Carlos Sanchez walk-off hit in 10th lifts White Sox to sixth straight victory

SHARE Carlos Sanchez walk-off hit in 10th lifts White Sox to sixth straight victory

Chris Sale was brilliant – he had to be every bit of that to hang with Corey Kluber — Adam Eaton was alert and rookie Carlos Sanchez was clutch in the White Sox’ 2-1 victory over the Cleveland Indians in 10 innings Monday at U.S. Cellular Field, their sixth in a row that lifted them above .500 for the first time.

The Sox celebrated the result of this error-free pitchers duel when Sanchez, called up Thursday to shore up the Sox infield defense, lined on 0-2 pitch from Zach McAllister beyond the reach of diving left fielder Zach Walters to score pinch-runner J.B. Shuck from second and set off a wild scene around second base.

The good times are rolling for the Sox (18-17), who are finding their way after a discouraging start.
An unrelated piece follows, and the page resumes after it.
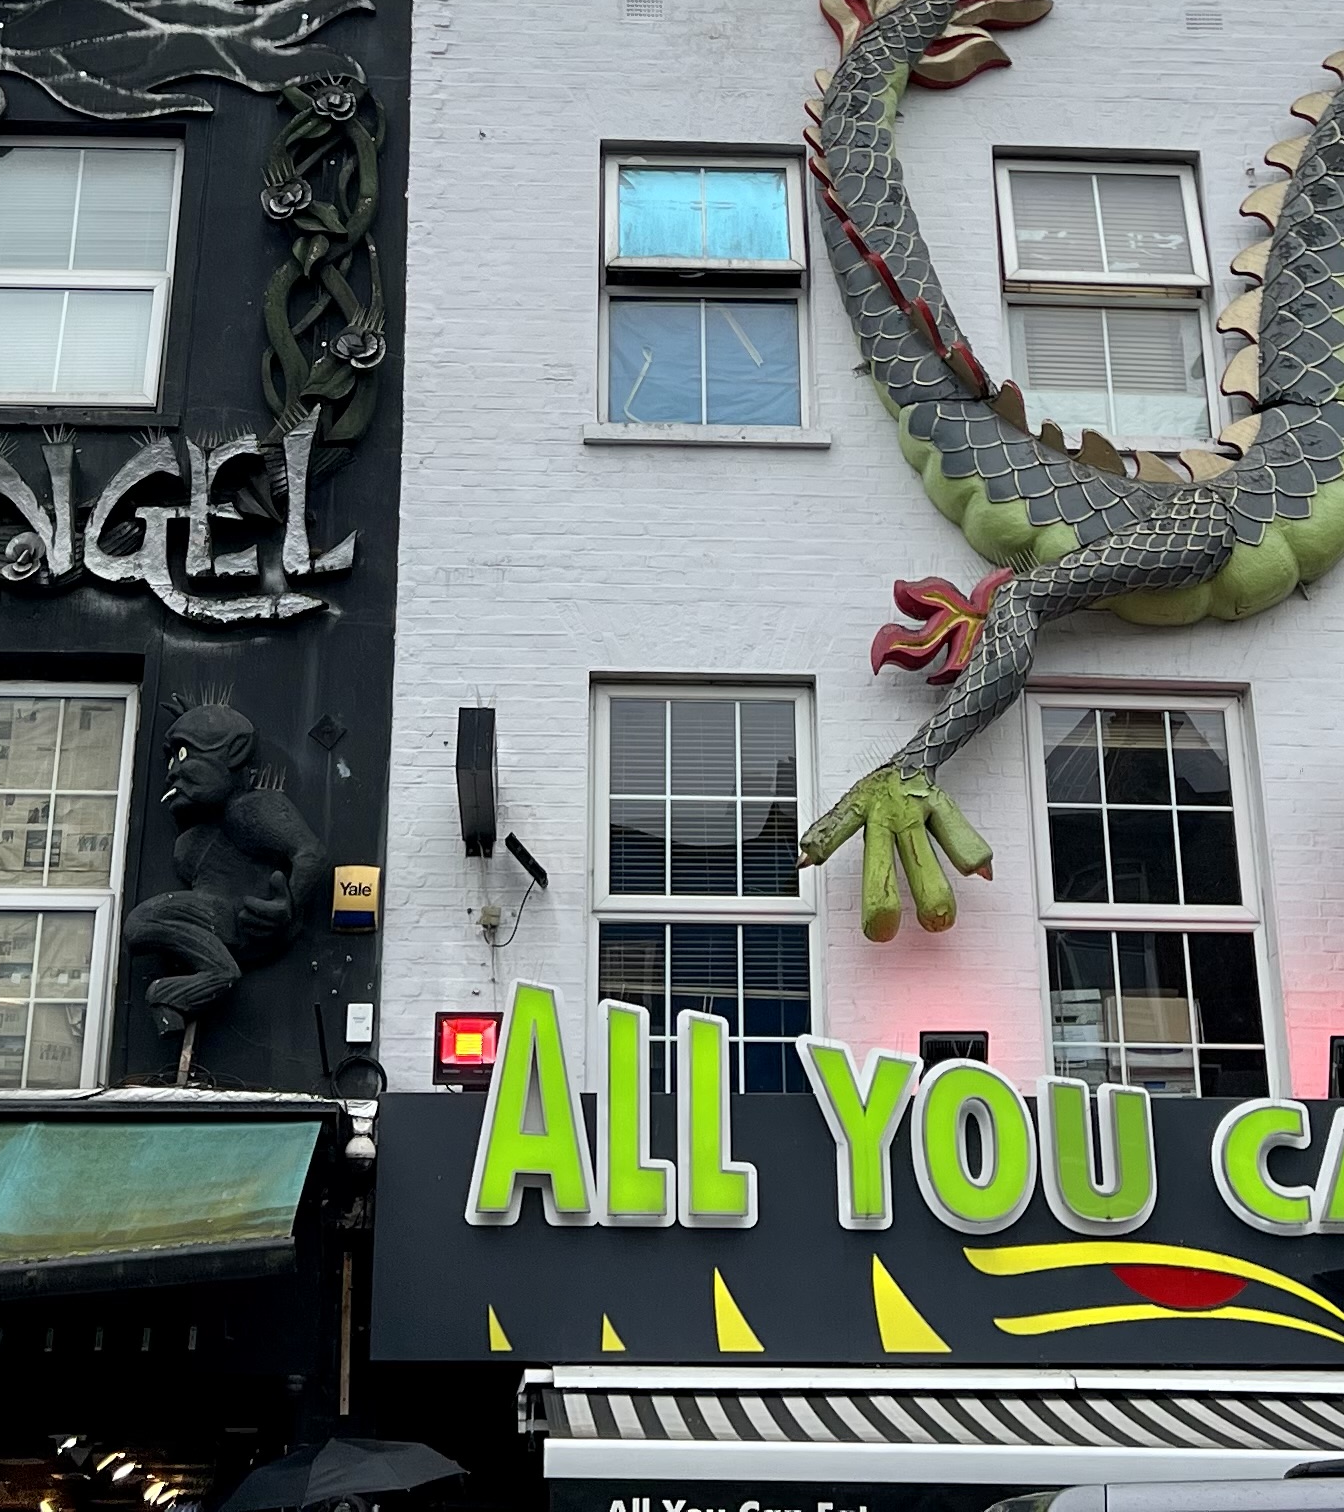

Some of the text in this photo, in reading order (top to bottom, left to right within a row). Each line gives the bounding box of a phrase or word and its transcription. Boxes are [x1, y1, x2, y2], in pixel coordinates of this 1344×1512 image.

[340, 882, 372, 896] Yale
[464, 978, 757, 1228] ALL
[796, 1034, 1156, 1234] YOU
On a night when Kluber gave up one run and struck out 12 in nine innings giving him 30 Ks over his last two starts, Sale gave up one run over eight innings, striking out seven and retiring the last 10 Indians he faced.

Sale said Kluber “has the nastiest stuff I’ve ever seen.” To keep the Sox streak going on his night and to open a seven-game homestand against AL Central teams with a win against him was big.

“We’re picking up momentum,’’ Sale said. “We’re all starting to get confident.

“He’s the best pitcher in the game and to come out and not be fazed by that, to keep grinding, to keep at it and win in the end, you can’t ask for much more than that.’’

Adam Eaton got the first run on his own, pulling a triple into the right field corner in the sixth and scoring on a curveball in the dirt that skipped about 12 feet away from catcher Roberto Perez. Eaton slid head first, getting tagged on the hand but called safe when the ball popped out of Perez’s mitt.

With Abreu batting, Perez said he was surprised to see Eaton coming.

“Kluber is a heck of a pitcher,” Eaton said. “You’re not going to get too many chances with a man on third there.”

“The way we scored that run with Eaton making the heads-up play, that’s probably the definition of grinding right there,’’ Sale said.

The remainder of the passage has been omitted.